Da questo si evince che era dalle janas che dipendeva il destino della foresta.
Nera aveva in mano il tab: la maestra le aveva inviato i testi scolastici del nuovo trimestre. C’era un libro intitolato Manifesto Cyborg. Un altro: Zero, uno, di Sadie Plant. Delle dita adunche e rugose glielo portarono via: – Avanti, non tergiversare. Ci stanno aspettando.
Nera seguì Mater fuori dalla domus. L’anziana aveva una camminata dondolante, le caviglie tumide per via della ritenzione idrica. Sfilò la maschera taurina da un gancio arrugginito sul muro in pietra e gliela porse.
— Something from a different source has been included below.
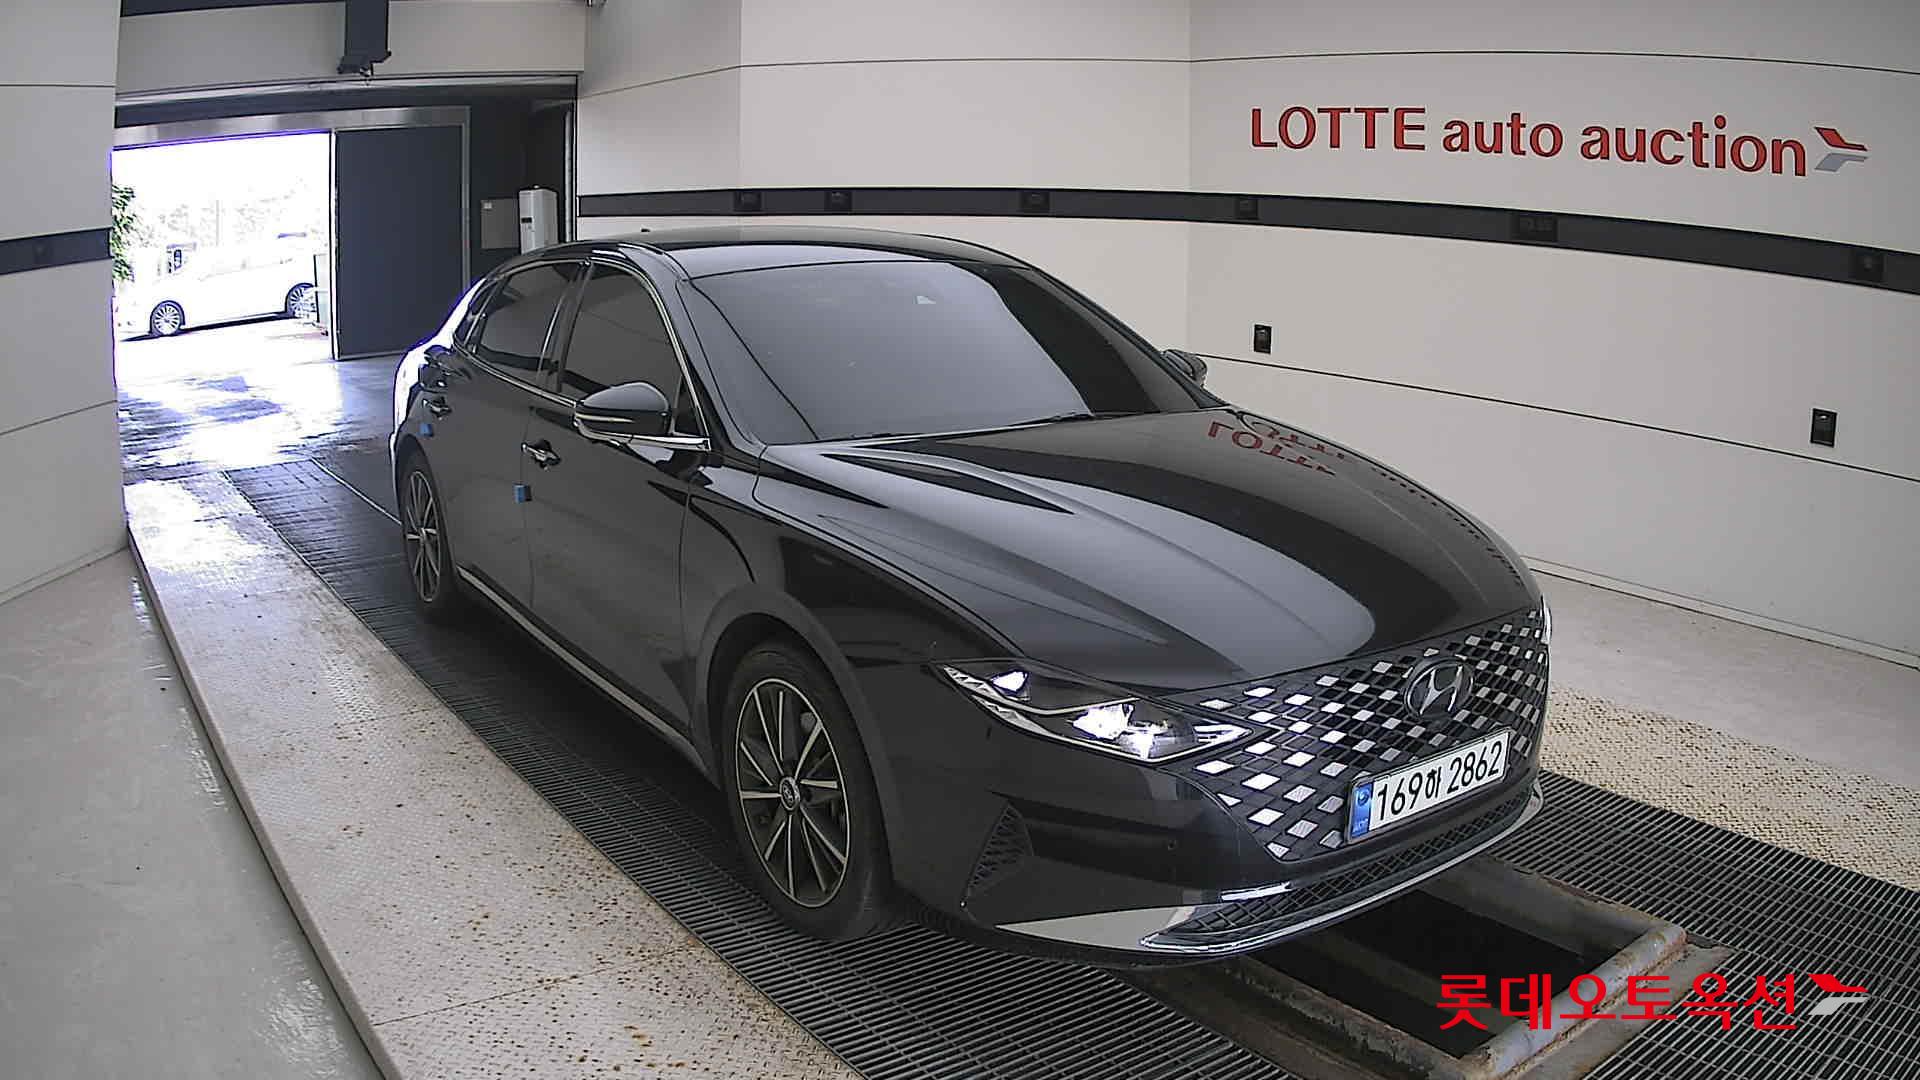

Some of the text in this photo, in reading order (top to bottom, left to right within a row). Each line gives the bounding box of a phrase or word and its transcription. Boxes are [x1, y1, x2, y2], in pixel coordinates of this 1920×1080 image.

[1251, 106, 1807, 176] LOTTE auto auction
[1377, 740, 1503, 821] 169하 2862
La ragazzina la fissò tra le mani, sfiorando le linee nere e spigolose con esili dita. La capovolse e la indossò, come le avevano insegnato. Le lenti a specchio colmarono le fessure nel taglio severo degli occhi, e l’ambiente acquisì un colore più caldo, sanguigno.
Mater oltrepassò il cortile, proseguendo senza aspettarla. In alto, sulle nuvole oscure della notte rifulgevano le fiamme di un mondo morto. Petali di cenere mulinavano nei turbini di aria calda, si mischiavano alle folate fredde e sferzanti dell’inverno. Nera strinse lo scialle nero e ricamato attorno al busto.
– Ho paura…
– È normale aver paura – disse Mater, senza rivolgerle lo sguardo – Siamo esseri umani anche noi, ma bisogna vestirsi di tenebra per scacciare il male vero.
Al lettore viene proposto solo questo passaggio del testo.